PARTICIPATION IN MEDICAL DECISION MAKING: THE PATIENTS' PERSPECTIVE
Liana Fraenkel, MD, MPH, Yale University, New Haven, CT and Sarah McGraw, PhD, New England Research Institutes, Watertown, MA.
Purpose: Recent studies have found significant variability in patient preferences for participation in medical decision-making with more than half of respondents preferring to leave the final decision up to their doctor. Underestimation of patients' preference to participate in decision-making may be in part due to the lack of concept validity in the domains used to quantify patients' preferences. If this hypothesis is correct, current surveys may fail to query subjects on domains which patients feel characterize active participation. The purpose of this study was to better understand how patients conceptualize the process of active participation in decisions related to their health care. Methods: A qualitative study was chosen as the best approach to allow the patients to frame the decision-making process from their own perspective and to avoid imposing any assumptions about how this process is defined.
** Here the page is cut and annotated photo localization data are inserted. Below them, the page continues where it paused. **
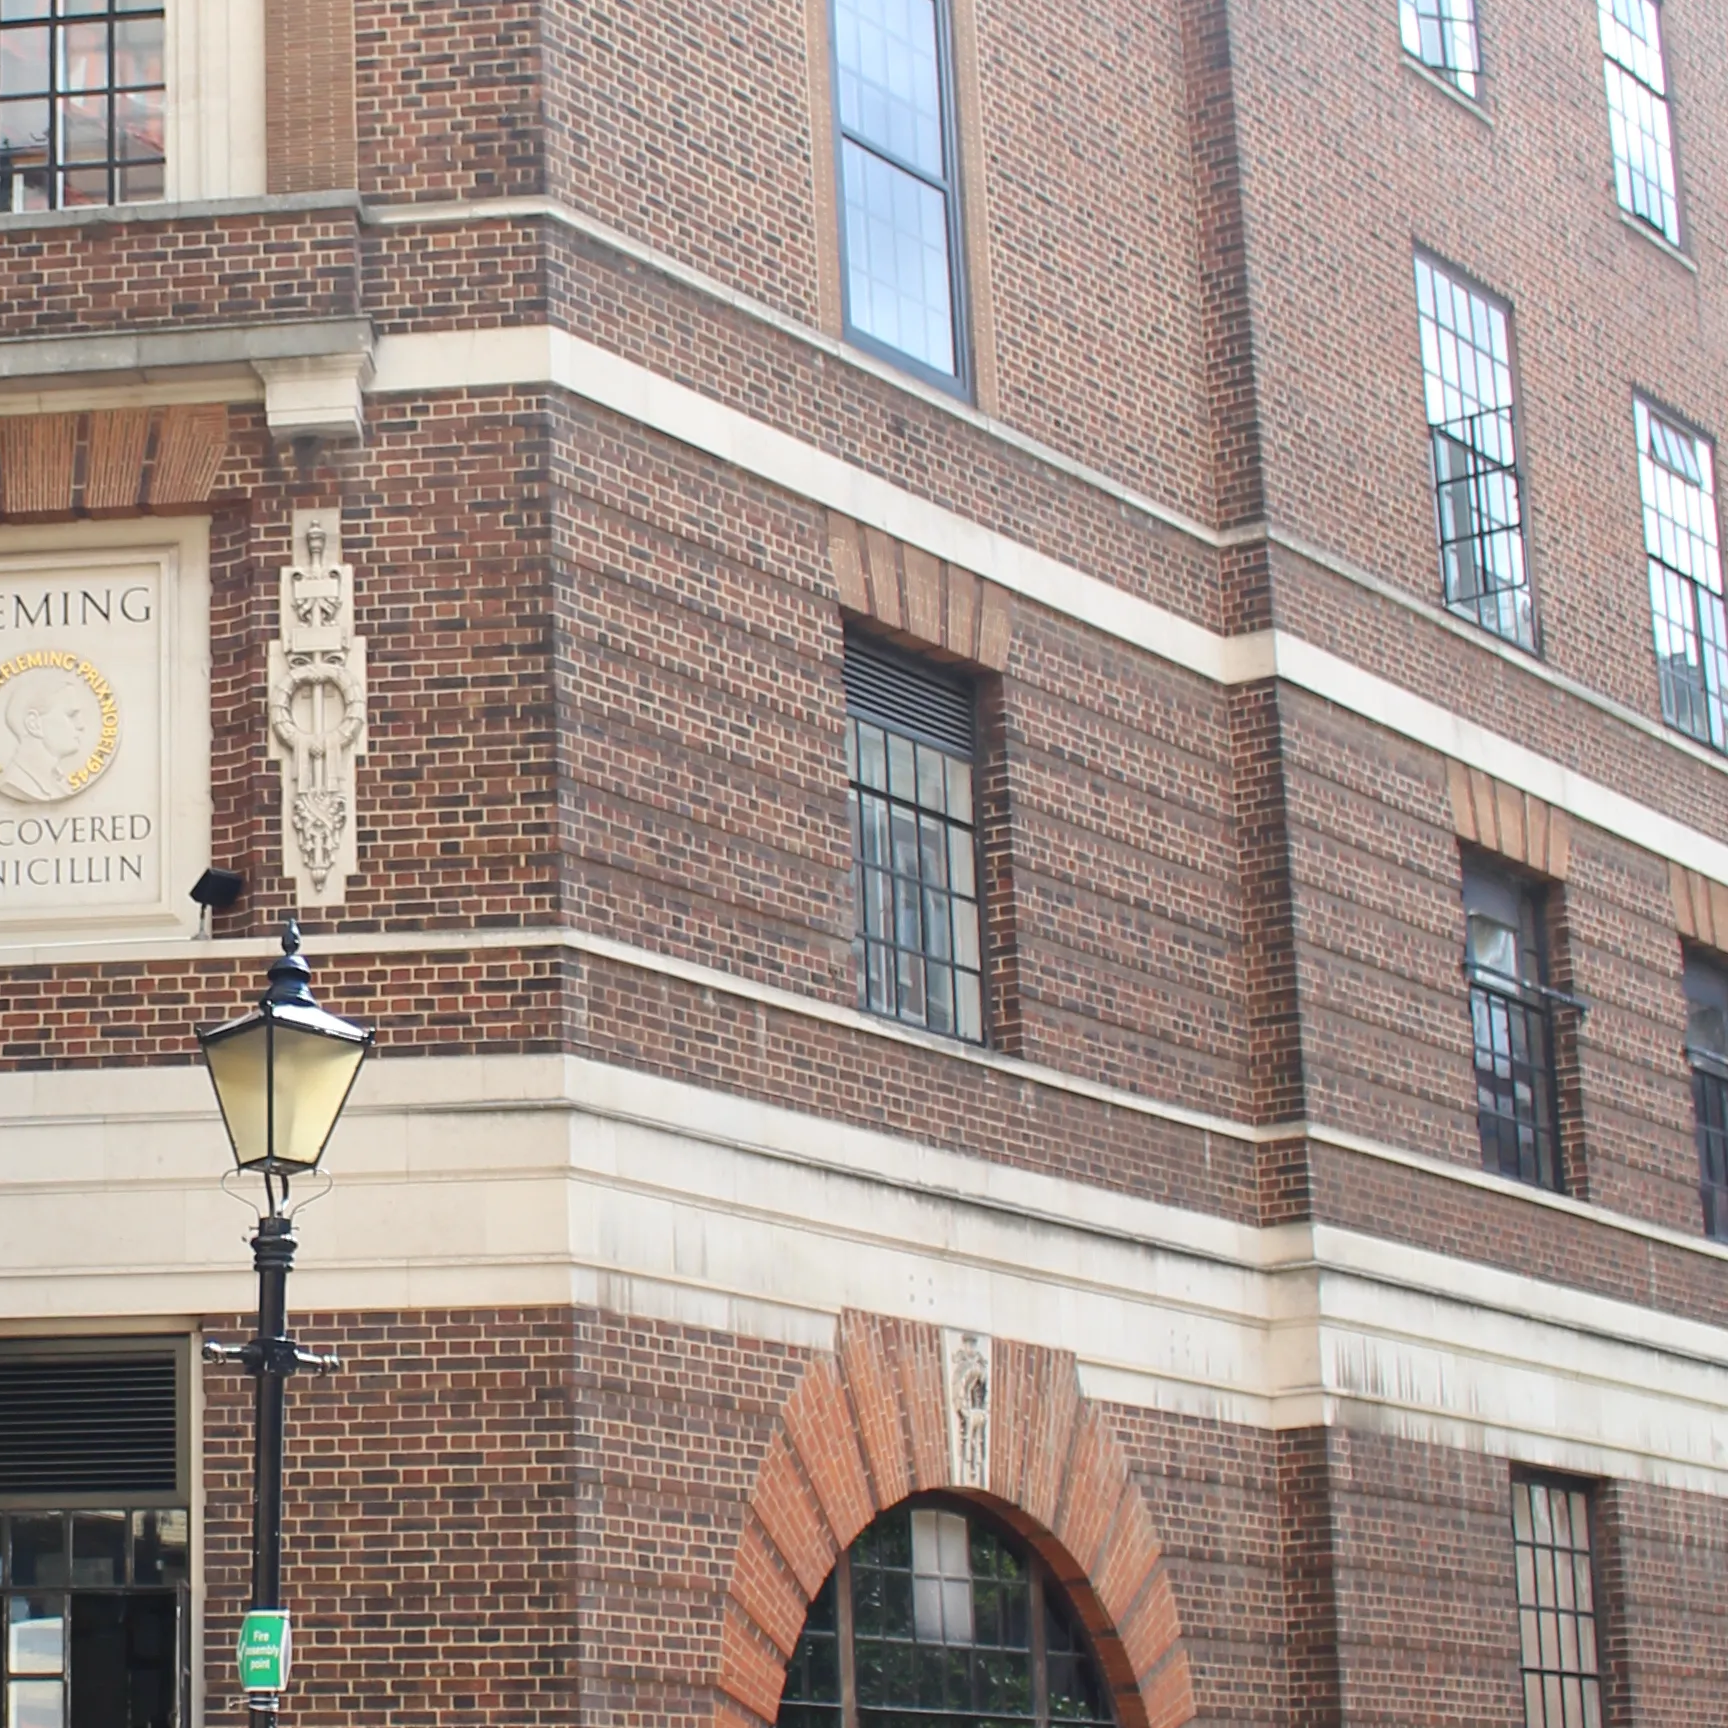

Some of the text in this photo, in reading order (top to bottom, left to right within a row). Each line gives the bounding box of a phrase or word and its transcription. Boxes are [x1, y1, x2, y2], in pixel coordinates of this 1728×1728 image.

[0, 650, 77, 680] FLEMING
[76, 661, 113, 700] PRIX
[97, 697, 119, 756] NOBEL
[68, 753, 105, 791] 1945
[253, 1629, 270, 1642] Fire
[250, 1658, 271, 1672] point
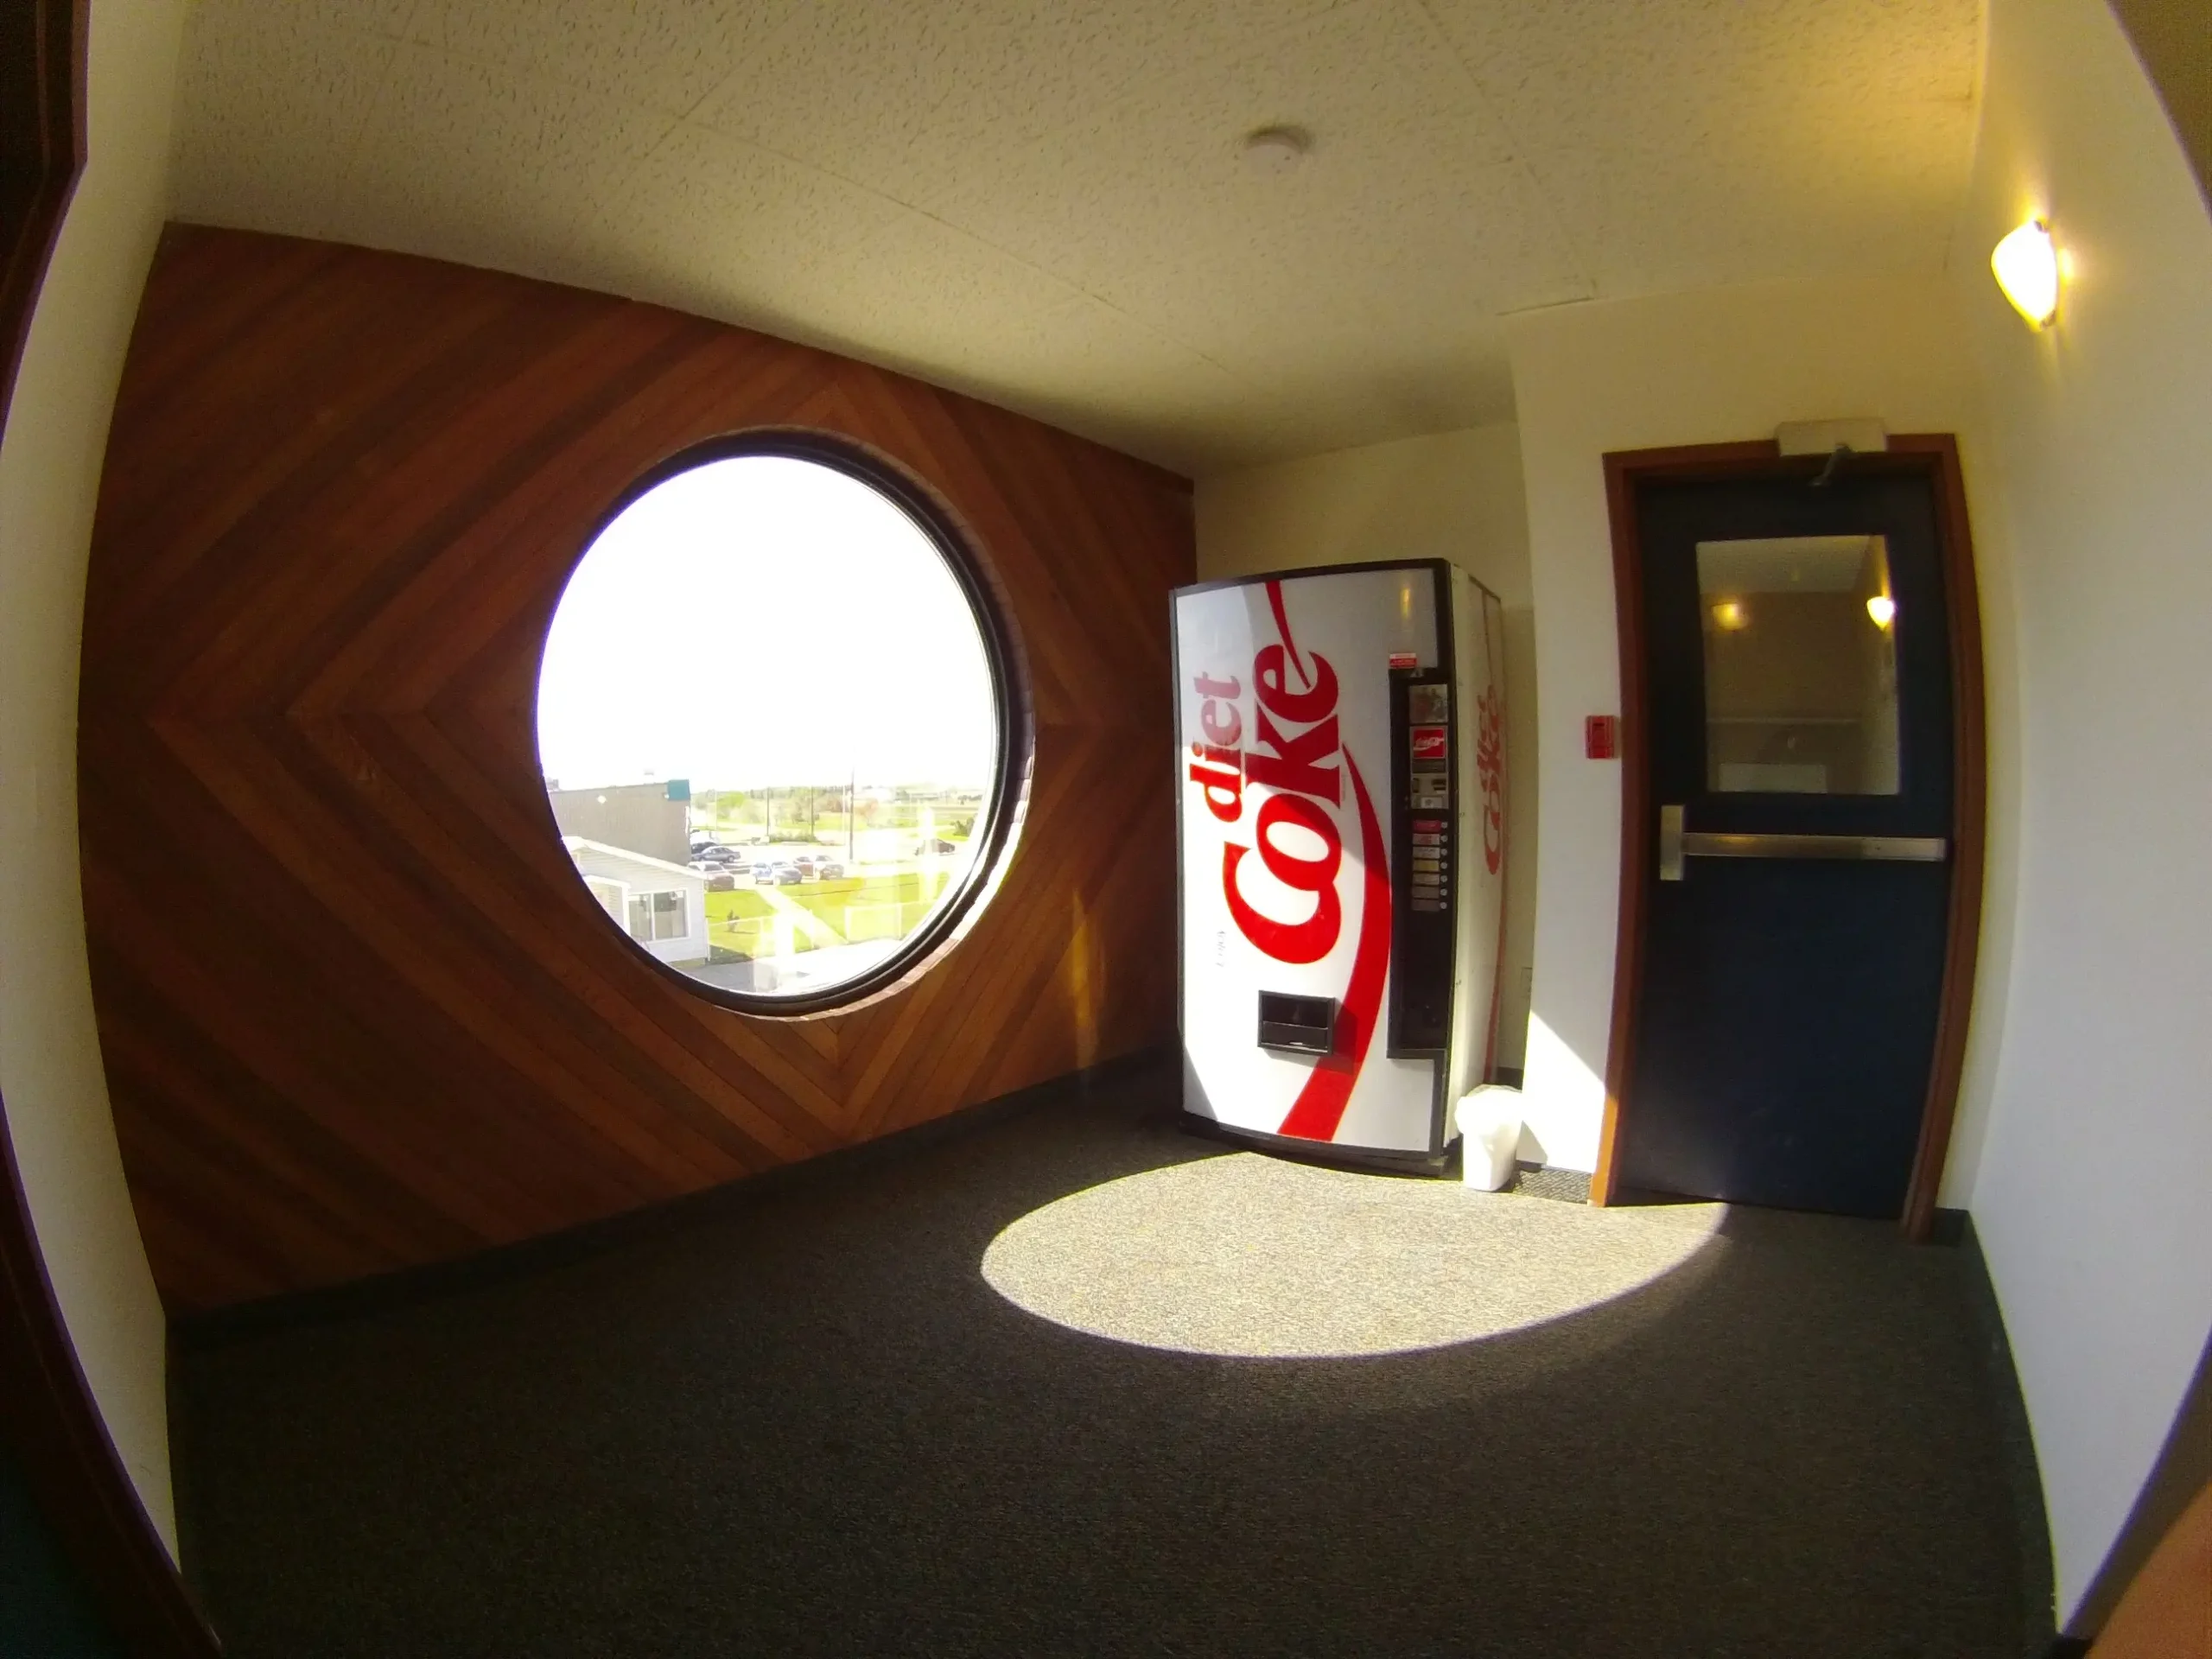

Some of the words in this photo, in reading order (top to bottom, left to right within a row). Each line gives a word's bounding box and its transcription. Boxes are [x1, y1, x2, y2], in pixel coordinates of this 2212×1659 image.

Individual face-to-face audiotaped interviews were conducted until thematic saturation was reached. The constant comparative method approach to analysis was employed to ensure that the analysts defined the codes in a consistent manner across all transcripts. Results: Twenty-six persons were interviewed: 96% women; all Caucasian; 69% married; 50% college graduates; and 23% retired. The main themes which arose during the interviews are distinct from those included in most previous studies quantifying patients' preferred role in decision-making and include: 1) decision-making is often a continuous process in which preference for participation may change over time, 2) decision-making is not performed in isolation, but often involves a larger social context, 3) choices do not usually center around which treatment option or screening strategy to pursue, but when to change doctors and whether or not to accept a physician's recommendation, 4) decision-making almost always occurs in the context of a physician's recommendation, and 5) choices are made in the context of each patient's “health-belief” model. Conclusions: Subjects in this study viewed active participation as including domains distinct from those traditionally evaluated in studies quantifying patients' preferred role in medical decision-making. These findings suggest that underestimation of patients' desire to participate in medical decision-making may be due, in part, to inadequate understanding of how patients conceptualize participation and consequent limitations in survey design.